RANDY TOWNSEND: In today's world, we are quick to build connections and establish relationships, whether we're talking about a conversation on Twitter or data to an article, to an author, to their orchids. New researchers build on previous research to further our understanding. But when one link in that chain is compromised, whether it's because an analysis was incorrect or an instrument was not properly calibrated, or maybe somebody just fudged the numbers to produce results to sell a product, we move further and further away from the truth.
RANDY TOWNSEND: At AGU, we're paying more attention to boundaries. By this, I mean that territories that are the cause of disputes between two or more countries are being captured in our maps, phrased in a way that could lend to a case where one of the countries could lay claim to that region. We have a lot of guidance that says that we follow the UN guidelines for the naming of territories, but we continue to see inappropriate names in our submissions.

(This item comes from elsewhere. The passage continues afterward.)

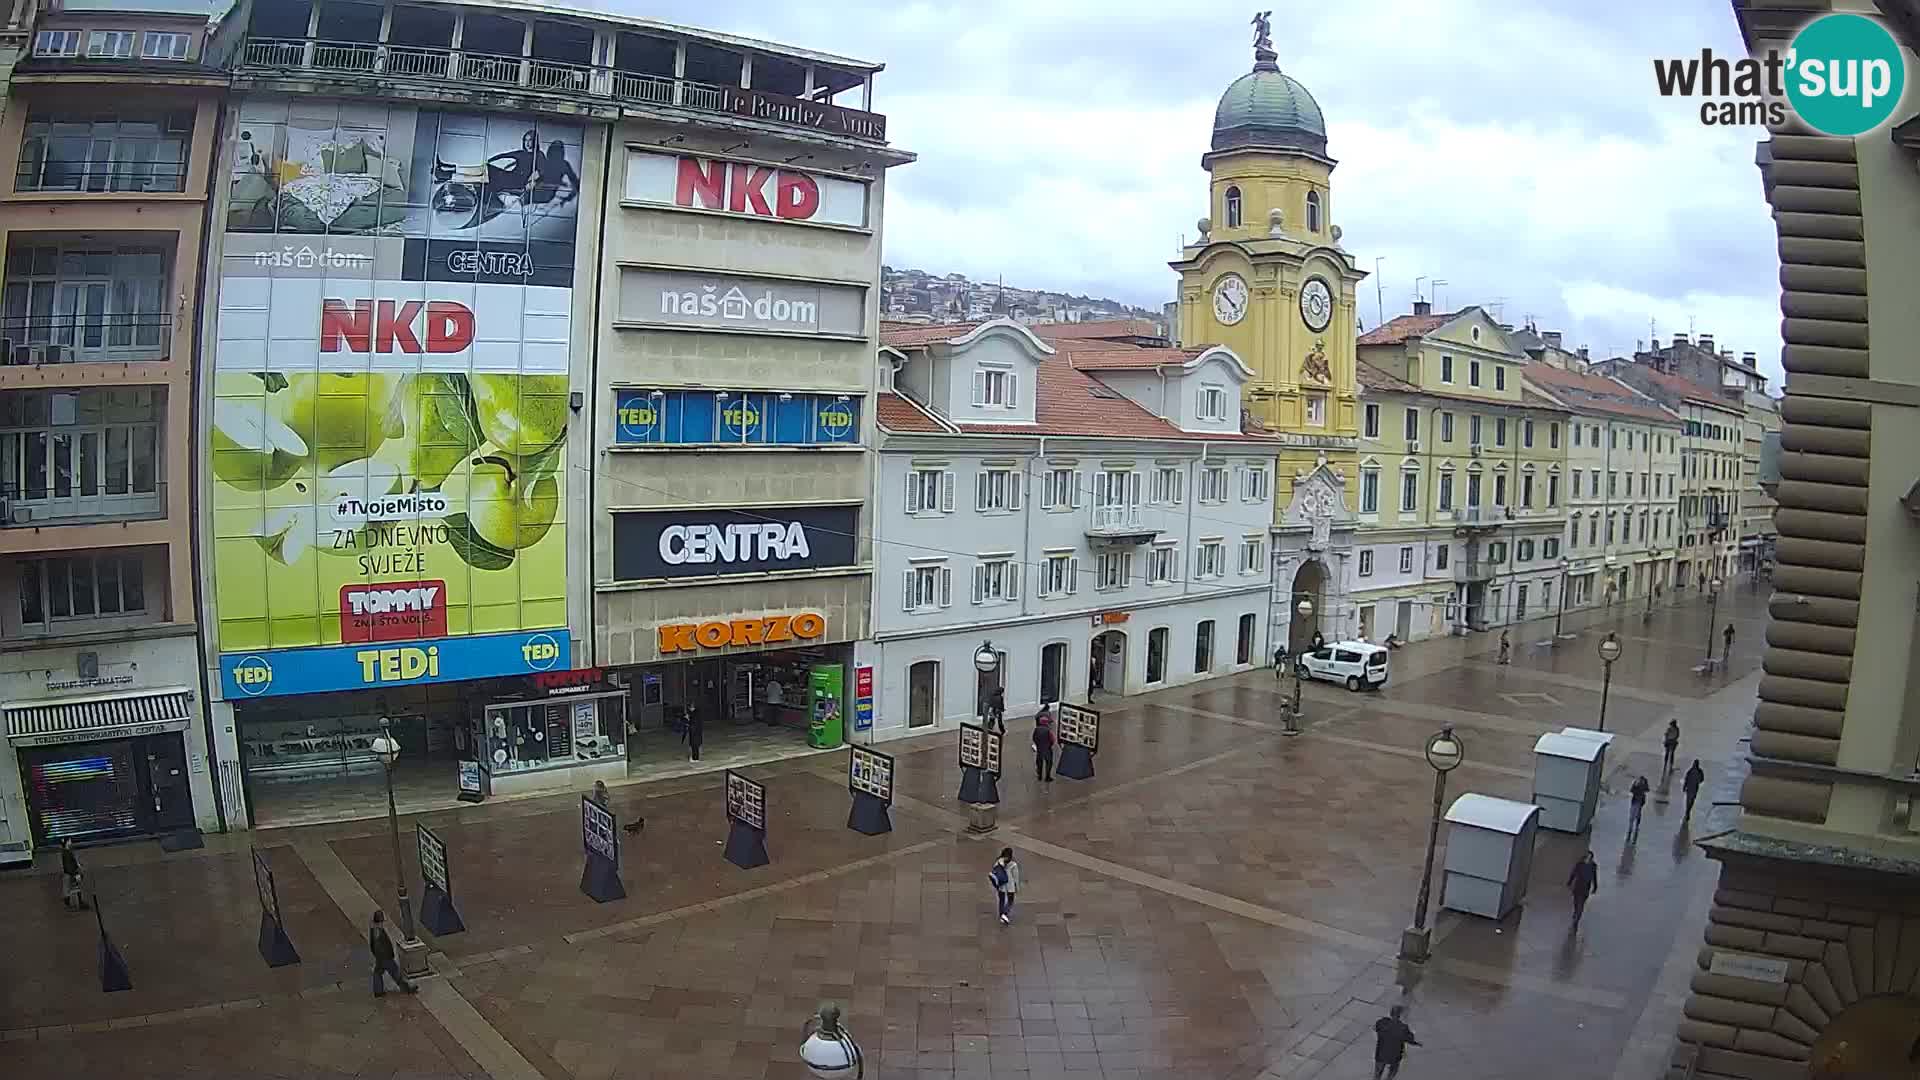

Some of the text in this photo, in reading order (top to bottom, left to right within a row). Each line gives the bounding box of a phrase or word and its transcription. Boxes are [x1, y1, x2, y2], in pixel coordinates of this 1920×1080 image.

RANDY TOWNSEND: So this figure comes from a paper containing China's unsubstantiated nine-dash line claim of territory over the South China Sea. And I'm not sure if you can see in the red section, there is this gray dash that kind of moves along the South China Sea there. According to this map, all the islands that are in dispute between China and other countries in this region, such as Brunei, Indonesia, Malaysia, Singapore, Thailand, and Vietnam, they all belong to China.
RANDY TOWNSEND: The text in the middle of this, between the two images I have here, they're from a co-author of this paper of Vietnamese descent. The nine-dash line was not in the original submission but was added sometime during peer review after the co-authors had already reviewed the submission. The authors, when it was brought to our attention, the authors were offered the option of correcting the article by replacing the image or retracting the entire article.
RANDY TOWNSEND: In my discussions with the authors, there was clearly pressure from the Chinese scientific community to retain that nine-dash line. If the authors did not come to an agreement, AGU would have retracted the article so that we could remain unbiased in the political consideration. Ultimately, in this case, the paper was corrected, but there was clearly an impasse among the authors. This article currently has an Altmetric score of 145.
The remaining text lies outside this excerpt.